By Jennifer Copley (Last Updated 4 February 2015)
Tryptophan (also known as L-Tryptophan) is an essential amino acid (protein building block). It’s called essential because people need it but their bodies can’t produce it, so they must get it from food or supplements. For the body to use tryptophan properly, it also requires sufficient iron, riboflavin, and vitamin B6.
Tryptophan is a precursor of the neurotransmitter serotonin, a brain chemical involved in mood regulation. Some experts believe that tryptophan can reduce anxiety and improve mood.
Does Tryptophan Reduce Anxiety?
Some studies indicate that depletion of tryptophan can increase anxiety (Robinson et al., 2012), and that increasing tryptophan may reduce anxiety (Hudson et al., 2007; Schruers et al., 2002). Overall, evidence suggests that tryptophan deficiency may cause anxiety, depression, difficulty concentrating, insomnia, and irritability (The George Mateljan Foundation, 2012).
Although a handful of studies have yielded promising results, the effectiveness of tryptophan for anxiety, depression, and sleep problems has not been proven and more research is required. Additional conditions for which tryptophan may provide benefits include premenstrual dysphoric disorder (a severe form of PMS) and quitting smoking (WebMD, 2012), so it may help with anxiety indirectly for some people by treating certain anxiety-inducing problems.
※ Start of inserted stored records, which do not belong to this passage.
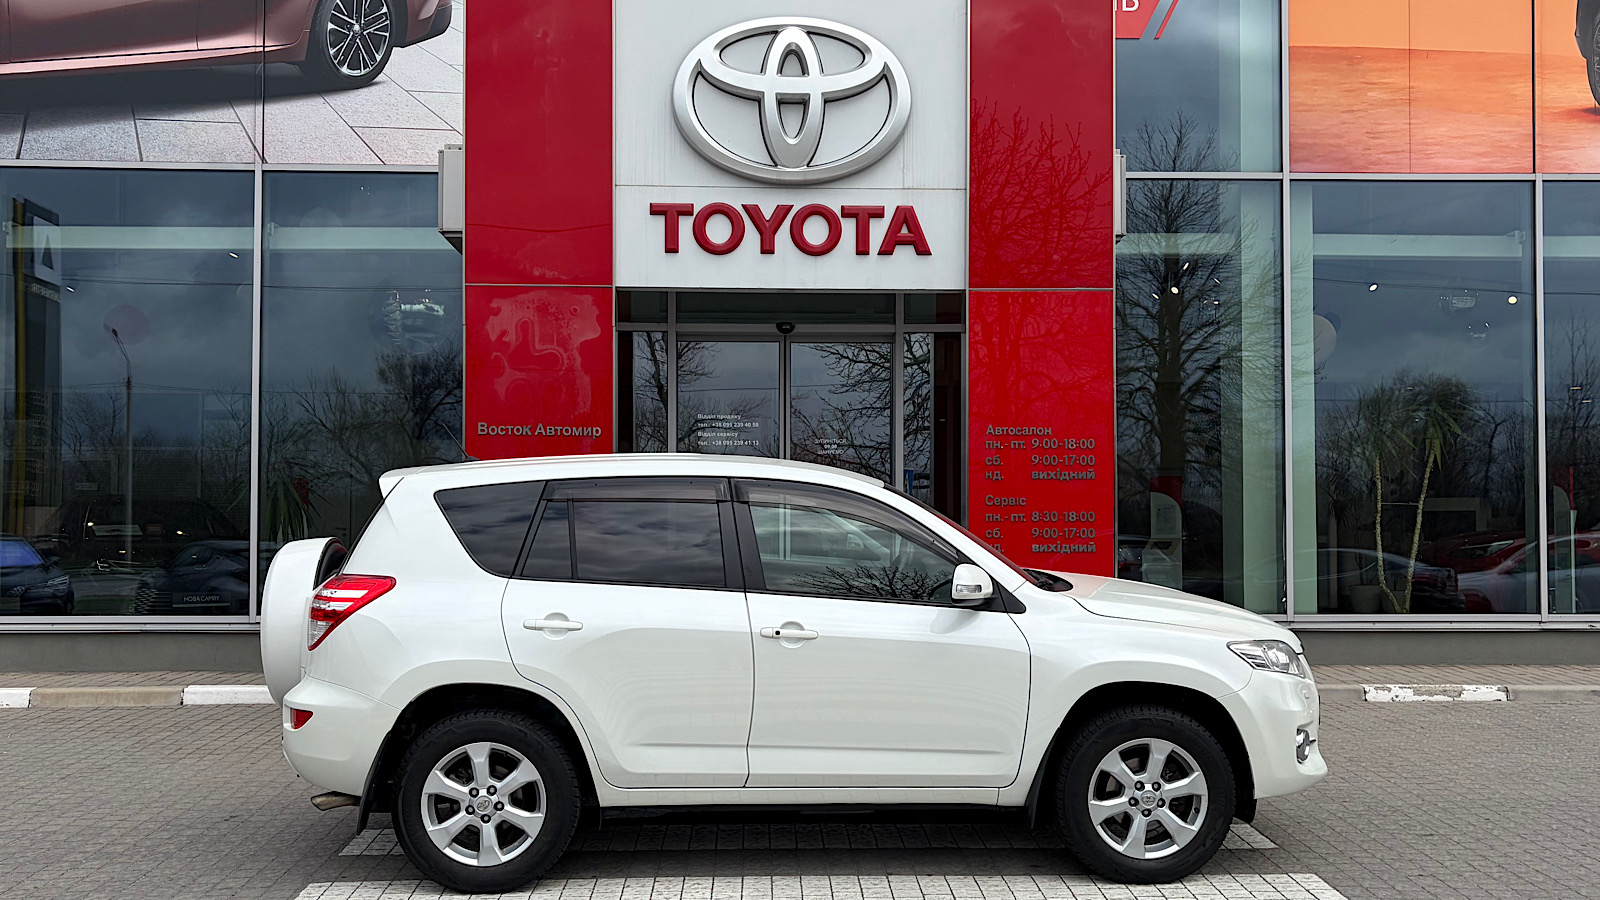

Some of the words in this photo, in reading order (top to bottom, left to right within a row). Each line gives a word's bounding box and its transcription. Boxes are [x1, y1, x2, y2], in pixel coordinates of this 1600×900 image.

[649, 202, 932, 256] TOYOTA
[477, 422, 532, 436] Восток
[534, 423, 602, 440] Автомир
[985, 424, 1052, 435] Автосалон
[1031, 438, 1096, 449] 9:00-18:00
[985, 455, 1004, 466] сб.
[1031, 455, 1096, 466] 9:00-17:00
[985, 470, 1005, 481] нд.
[1031, 468, 1096, 481] вихідний
[985, 495, 1027, 507] Сервіс
[985, 527, 1004, 538] сб.
[1031, 527, 1096, 539] 9:00-17:00
[1031, 541, 1096, 554] вихідний
Are Tryptophan Supplements Dangerous?
Two decades ago, tryptophan supplements were removed from the market after many people became ill with eosinophilia-myalgia syndrome, leading to 37 deaths. This nasty disease, which causes severe muscle and nerve pain; fatigue; hair loss; and swelling of the joints, connective tissues, and organs, was likely caused by a contaminated batch of supplements produced by a single Japanese manufacturer (the majority of illness cases were traced to that manufacturer). Tryptophan supplements are again available on the market, though some people still have concerns that an overdose may cause illness.
Tryptophan can also trigger side effects such as stomach pain or nausea, diarrhea, gas, appetite loss, headache, dry mouth, blurred vision, weakness, drowsiness, light-headedness, and sexual problems. Those who are pregnant, breastfeeding, or suffer from certain diseases or conditions should not take tryptophan supplements. Tryptophan also interacts with many different medications. If you are considering supplementation, check with a doctor beforehand to be on the safe side.
What Foods Are High in Tryptophan?
It’s always best to get nutrients from natural whole foods whenever possible. Tryptophan is found in protein-rich foods. Good sources include animal products such as eggs, poultry, fish, cheese, and milk, as well as plant products such as soy/tofu, peanuts, pumpkin seeds, sesame seeds, nuts, and certain vegetables including spinach and asparagus.
Other Natural Anxiety Remedies
This article is provided for informational purposes only and is not intended as a substitute for medical or psychiatric advice. Medical concerns should be referred to a qualified doctor.
- Hudson, C., MD, FRCP; Hudson, S., MSW; & MacKenzie, J., RN. (2007). “Protein Source Tryptophan as an Efficacious Treatment for Social Anxiety Disorder: A Pilot Study.” Canadian Journal of Physiology & Pharmacology, 85(9), 928-932.
- Robinson, O.J.; Overstreet, C.; Allen, P.S.; Pine, D.S.; & Grillon, C. (2012). “Acute Tryptophan Depletion Increases Translational Indices of Anxiety But Not Fear: Serotonergic Modulation of the Bed Nucleus of the Stria Terminalis?” Neuropsychopharmacology (In Press).
- Saeed, S.A.; Bloch, R.M.; & Antonacci, D.J. (2007). “Herbal and Dietary Supplements for Treatment of Anxiety Disorders.” American Family Physician, 76(4), 549-556.
- Schruers, K.; van Diest, R.; Overbeek, T.; & Griez, E. (2002). “AcuteL-5-Hydroxytryptophan Administration Inhibits Carbon Dioxide-Induced Panic In Panic Disorder Patients.” Psychiatry Research, 113(3), 237-43.
- The George Mateljan Foundation. (2012). “Tryptophan.” The World’s Healthiest Foods, WHFoods.com.
- University of Maryland Medical Center. (2010). “Tryptophan – Overview.” UMM.edu.
- WebMD. (2015). “L-Tryptophan.”WebMD.com.